U.S. natural landmark in Washington state

Drumheller Channels National Natural Landmark showcases the Drumheller Channels, which are the most significant example in the Columbia Plateau of basalt butte-and-basin Channeled Scablands. This National Natural Landmark is an extensively eroded landscape, located in south central Washington state characterized by hundreds of isolated, steep-sided hills (buttes) surrounded by a braided network of numerous channels, all but one of which are currently dry. It is a classic example of the tremendous erosive powers of extremely large floods such as those that reformed the Columbia Plateau volcanic terrain during the late Pleistocene glacial Missoula floods.

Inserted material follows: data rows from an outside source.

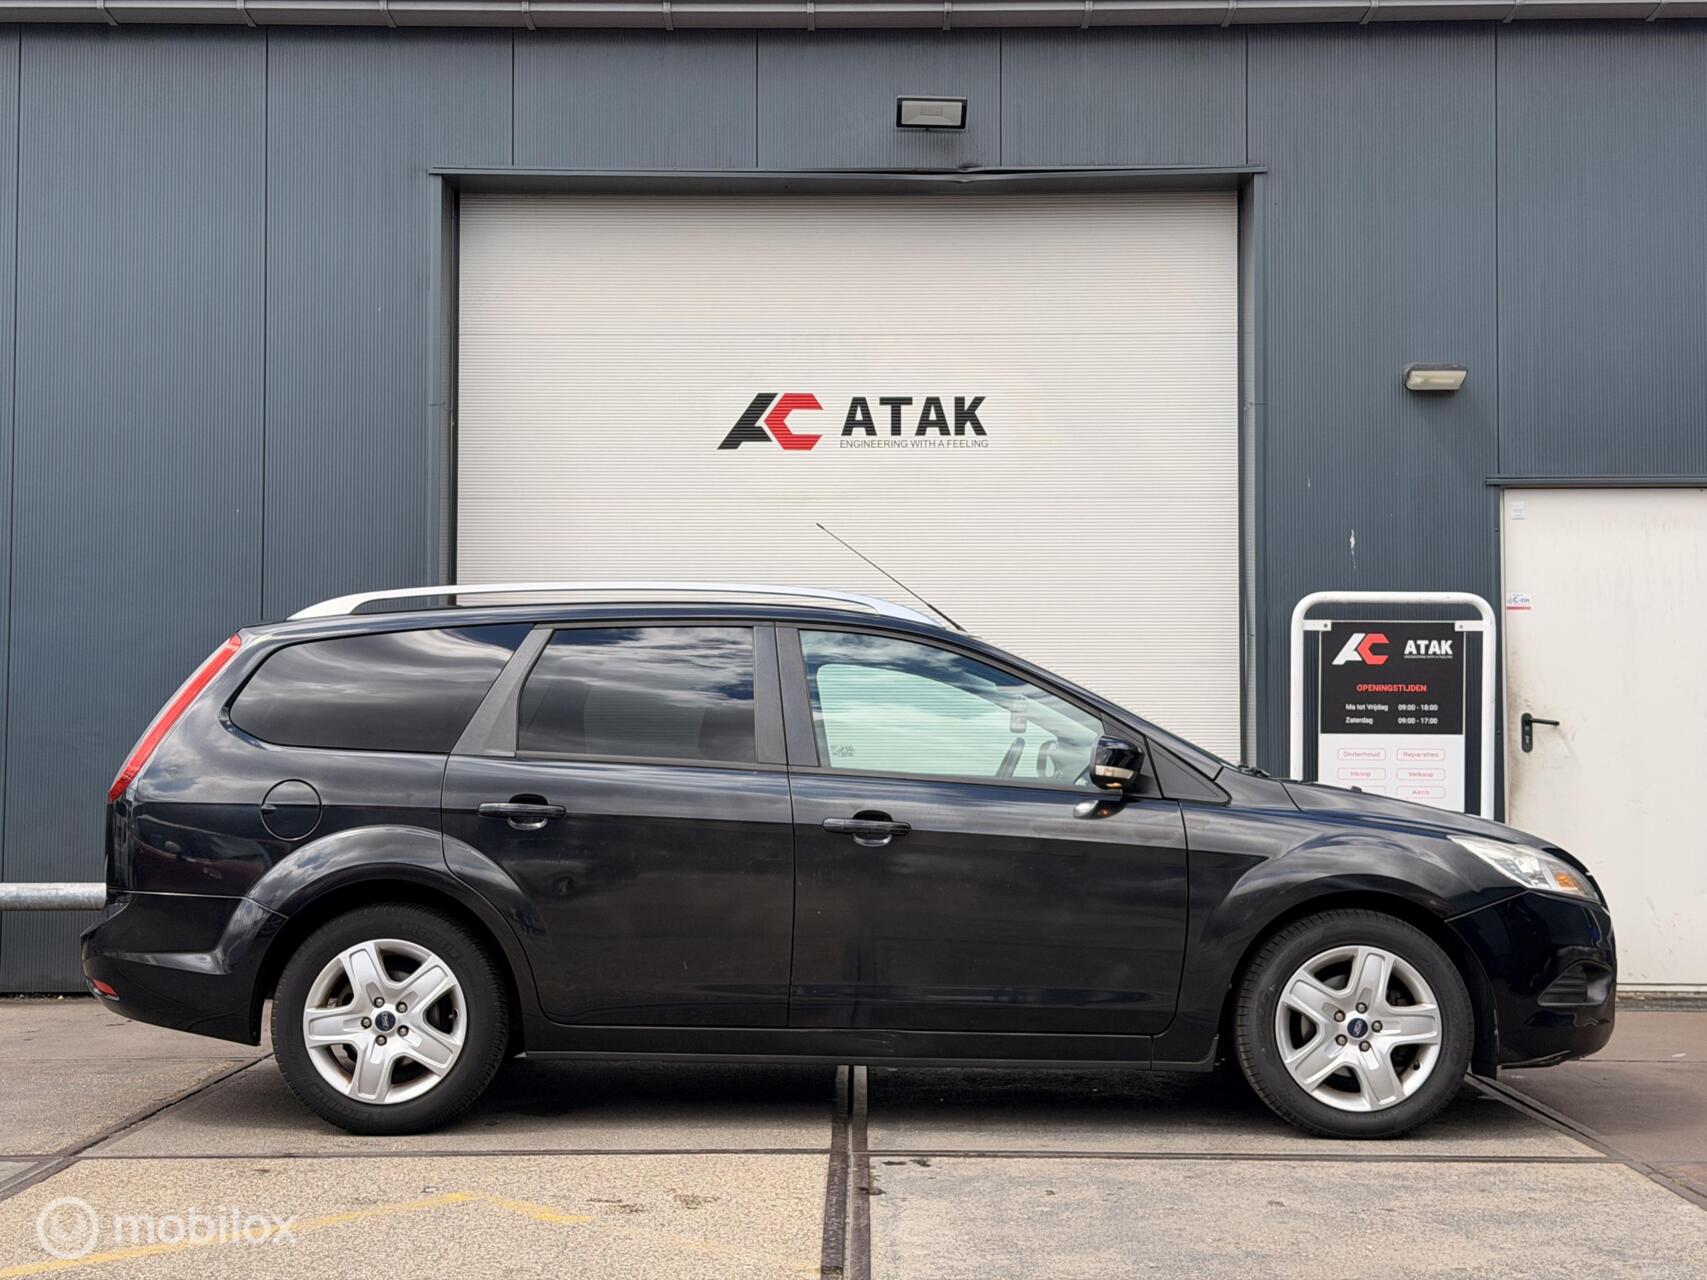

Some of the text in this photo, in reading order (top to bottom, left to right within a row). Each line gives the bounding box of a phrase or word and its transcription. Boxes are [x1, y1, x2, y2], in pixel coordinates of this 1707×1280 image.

[841, 396, 988, 436] ATAK
[840, 439, 989, 449] ENGINEERING WITH A FEELING
[1404, 639, 1453, 655] ATAK
[1356, 683, 1427, 693] OPENINGSTIJDEN
[1345, 703, 1356, 711] Ma
[1356, 703, 1366, 711] tot
[1366, 703, 1389, 712] Vrijdag
[1397, 703, 1416, 711] 09:00
[1421, 703, 1439, 711] 18:00
[1345, 716, 1374, 725] Zaterdag
[1397, 717, 1416, 725] 09:00
[1421, 717, 1439, 725] 17:00

In 1986, the U.S. National Park Service recognized the significance and natural beauty of Drumheller Channels by designating them a National Natural Landmark. The geologist who initially recognized and documented the evidence for the Ice-Age floods, J Harlen Bretz, wrote:
Drumheller is the most spectacular tract of butte-and basin scabland on the plateau. It is an almost unbelievable labyrinth of anastamosing channels, rock basins, and small abandoned cataracts.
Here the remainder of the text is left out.